§ **EXERCISE DIRECTIONS**
Print the records below exactly as they appear. Omit all pictures.

§ **DATA TO USE**
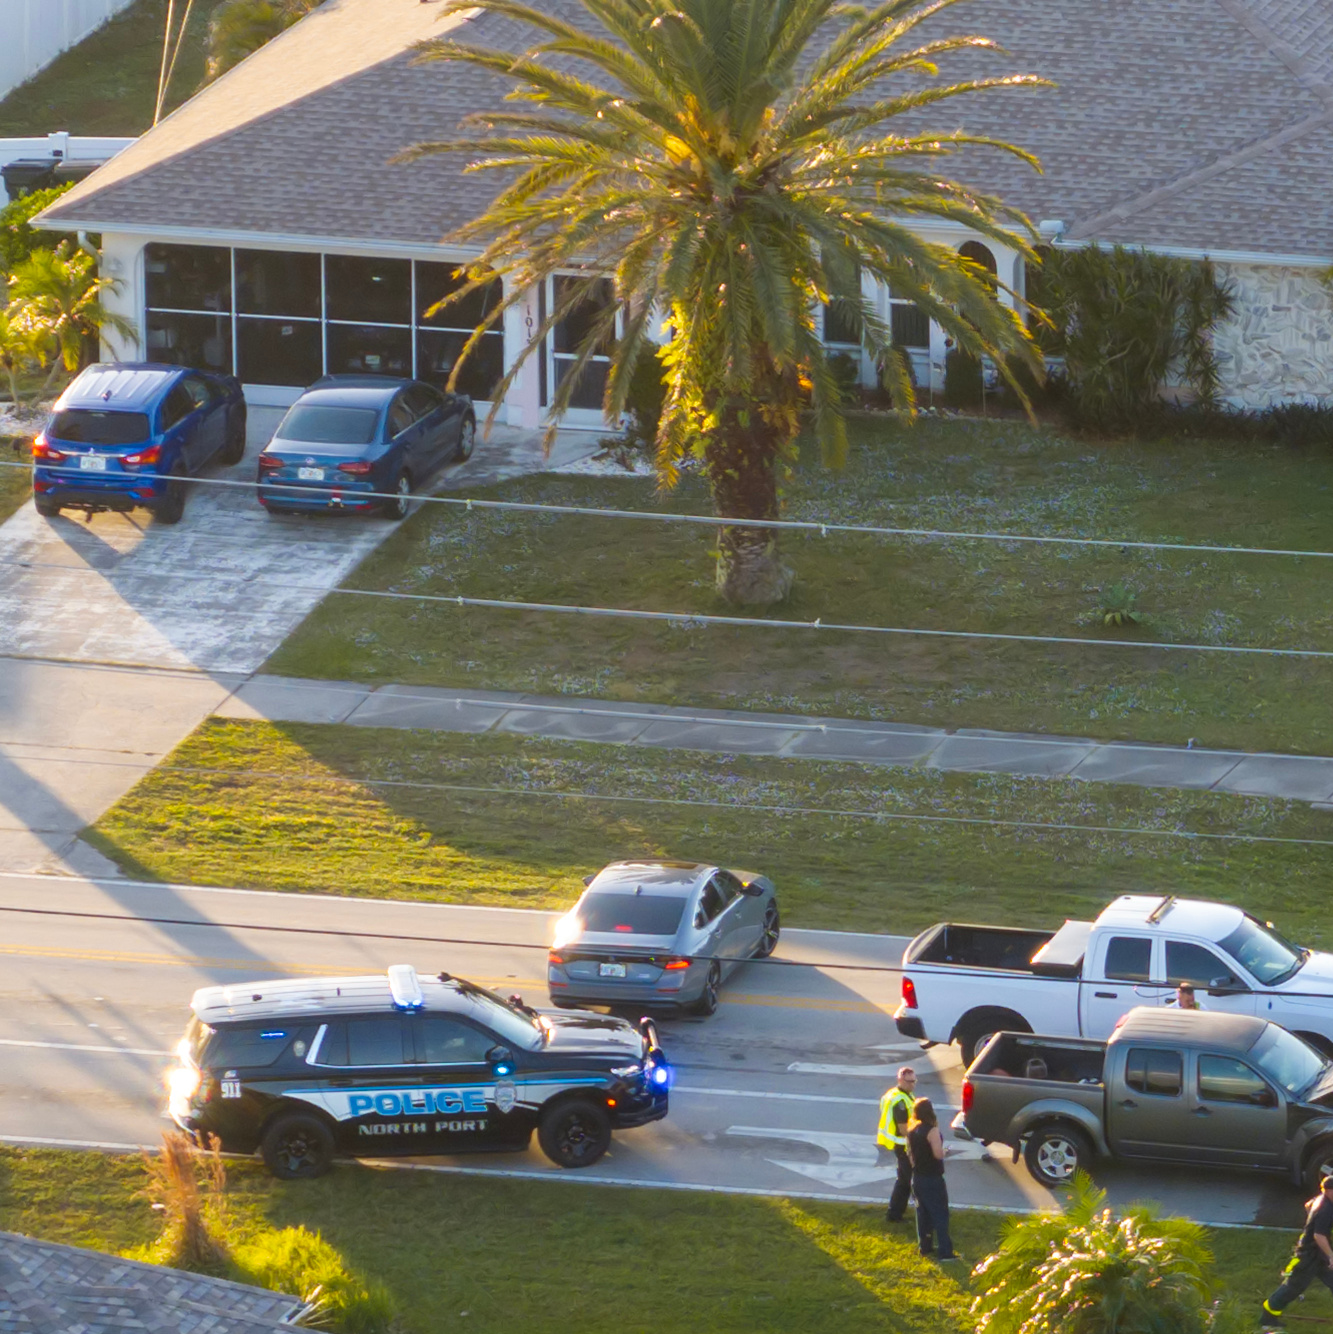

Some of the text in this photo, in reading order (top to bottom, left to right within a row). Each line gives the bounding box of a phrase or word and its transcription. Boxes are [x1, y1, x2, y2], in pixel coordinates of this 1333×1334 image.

[221, 1081, 241, 1098] 911
[349, 1089, 488, 1117] POLICE
[358, 1119, 489, 1135] NORTH PORT
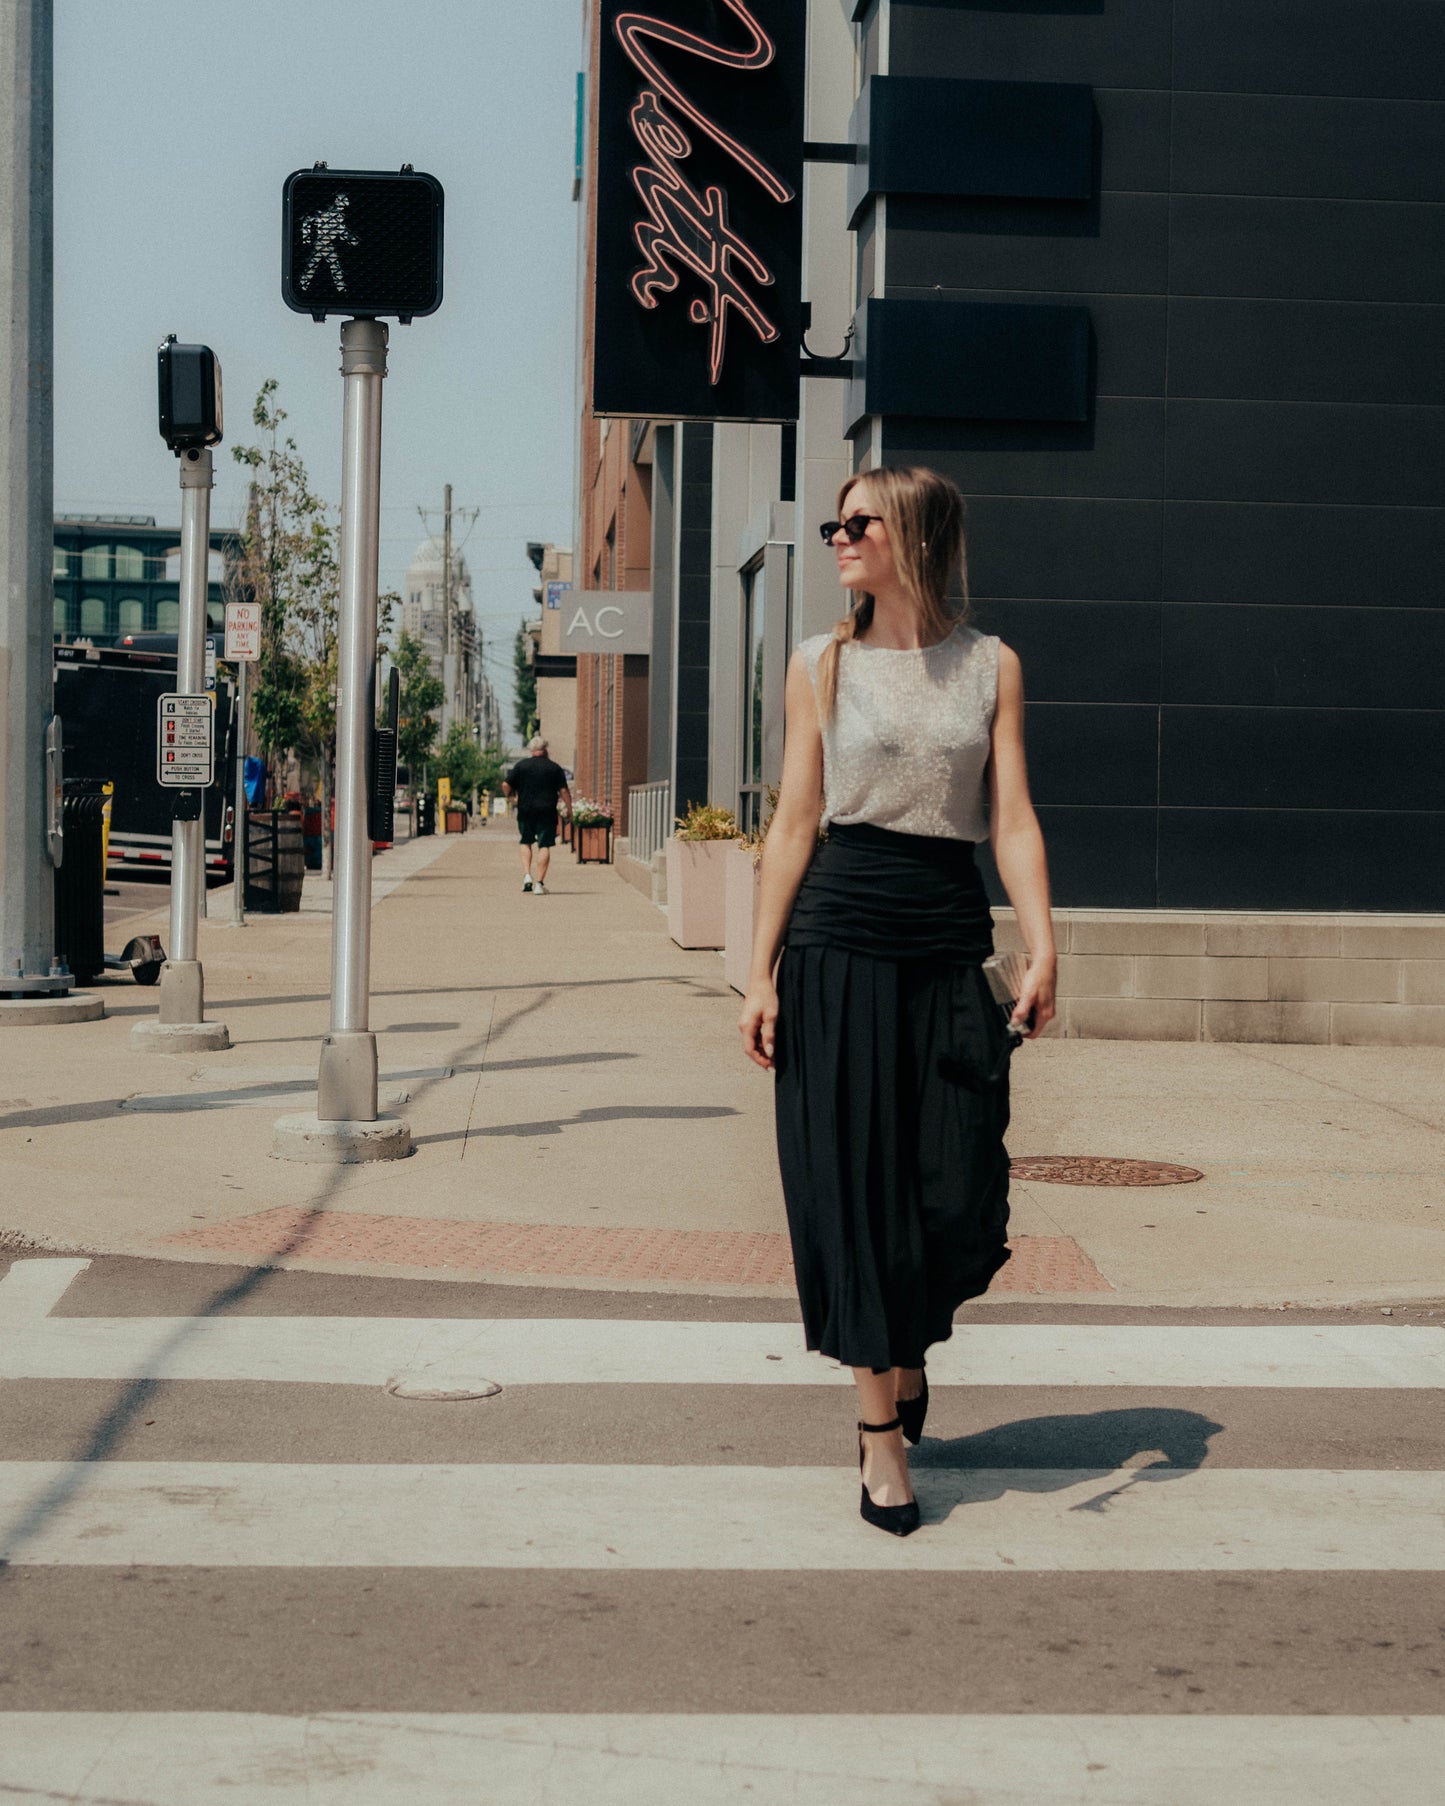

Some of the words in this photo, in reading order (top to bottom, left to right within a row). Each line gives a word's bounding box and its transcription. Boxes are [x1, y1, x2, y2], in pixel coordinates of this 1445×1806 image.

[237, 608, 249, 619] NO
[228, 621, 258, 631] PARKING
[566, 606, 624, 638] AC

§ **FINISHED TASK**
Some of the text in this photo, in reading order (top to bottom, left to right within a row). Each line gives the bounding box of a phrase or word and its transcription. Boxes are [x1, y1, x2, y2], in pixel coordinates of this 1333×1334 image.

[221, 1081, 241, 1098] 911
[349, 1089, 488, 1117] POLICE
[358, 1119, 489, 1135] NORTH PORT

Some of the words in this photo, in reading order (top to bottom, left to right within a row). Each line gives a word's bounding box and its transcription. Boxes are [x1, y1, x2, y2], in pixel coordinates of this 1445×1806 image.

[237, 608, 249, 619] NO
[228, 621, 258, 631] PARKING
[566, 606, 624, 638] AC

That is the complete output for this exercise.